It is an overcast day but mild in temperature. I see that Douglas's coat has become heavy and he appears more bulky than normal. His hair is thick and at times unruly but affords him great protection from the elements, which he mostly ignores. I'll have my job cut out for me when it comes time to curry out the old hair in the spring. I don't mind it, nor does he. He savor's it. I enjoy making him happy. What a great friend he has become to me! Always loyal, faithful and always just there for me when I feel low. His presence is wonderful.
I have always been facinated when I'm in the deep woods and come across an old fence that is clinging to existance by a thread. Nature has almost completely obliterated traces of it's beginning and it's end. There is always just a piece of the middle left. I particularly like it when the old boards are fastened together with square nails. That's old. What sort of enterprise could possibly have existed here. There are no open areas where fields may have been. This is all big timber. No house foundations or colapsed buildings of any kind. Just this old section of fence is here to spark the questions. Did someone try to scratch out a living in this forest only to find the rewards not worth the effort? How long ago? The rusted square tapered nails indicate an early time possibly mid 1860's. Wonder if a war brought its wrath upon this area and the squatters who built this fence decided to move to friendlier territory. How many Rebel or Union soldiers climbed over the boards of this fence while traversing this wooded ridge? What skermishes were fought here along this old fence? Things to ponder.
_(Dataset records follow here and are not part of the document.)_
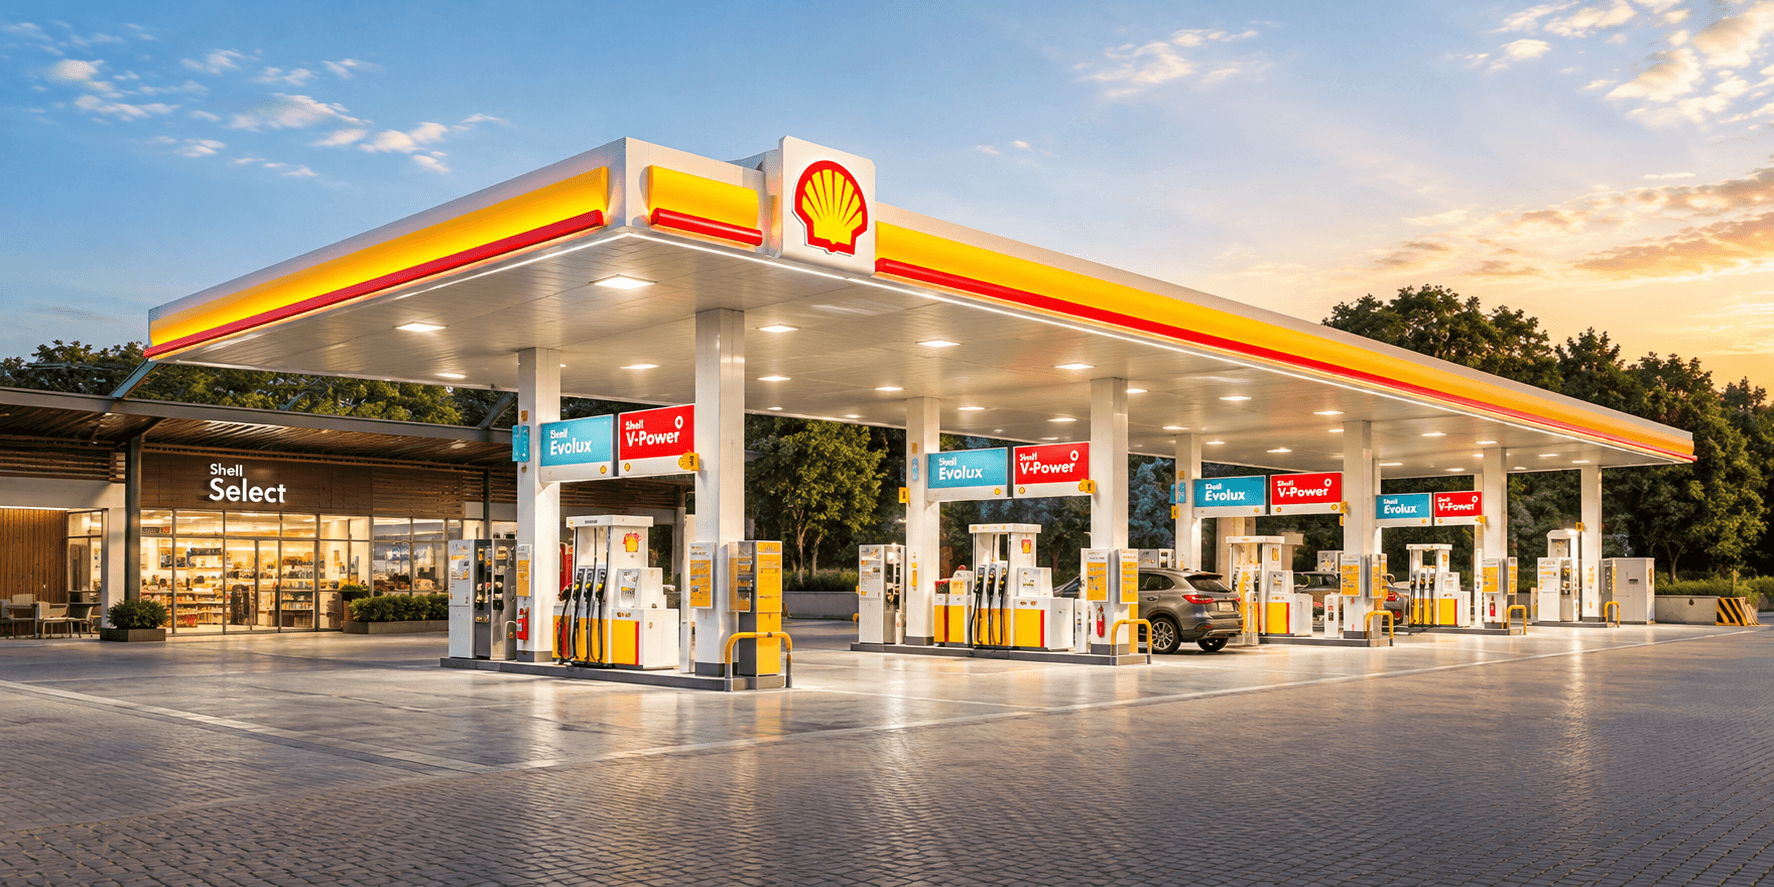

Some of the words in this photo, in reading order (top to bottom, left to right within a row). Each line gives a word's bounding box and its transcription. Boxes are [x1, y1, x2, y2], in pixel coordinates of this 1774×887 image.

[626, 430, 680, 447] V-Power
[550, 437, 592, 456] Evolux
[210, 463, 243, 477] Shell
[938, 465, 983, 481] Evolux
[1019, 461, 1076, 475] V-Power
[209, 477, 287, 503] Select
[1205, 489, 1246, 501] Evolux
[1277, 486, 1329, 498] V-Power
[1384, 503, 1417, 514] Evolux
This view of Tellico Lake shows three silo's in the center. This was once a farm. It was flooded after Tennessee Valley Authority (TVA) acquired the realestate from the land owner. This is only one such farm acquired through eminent domain. There are roadways and homes under the surface of the water. There is even a drive in theater out here that I drove my boat over one day. I found it when the waters were drawn down. Eminent Domain is a neat theory; huh?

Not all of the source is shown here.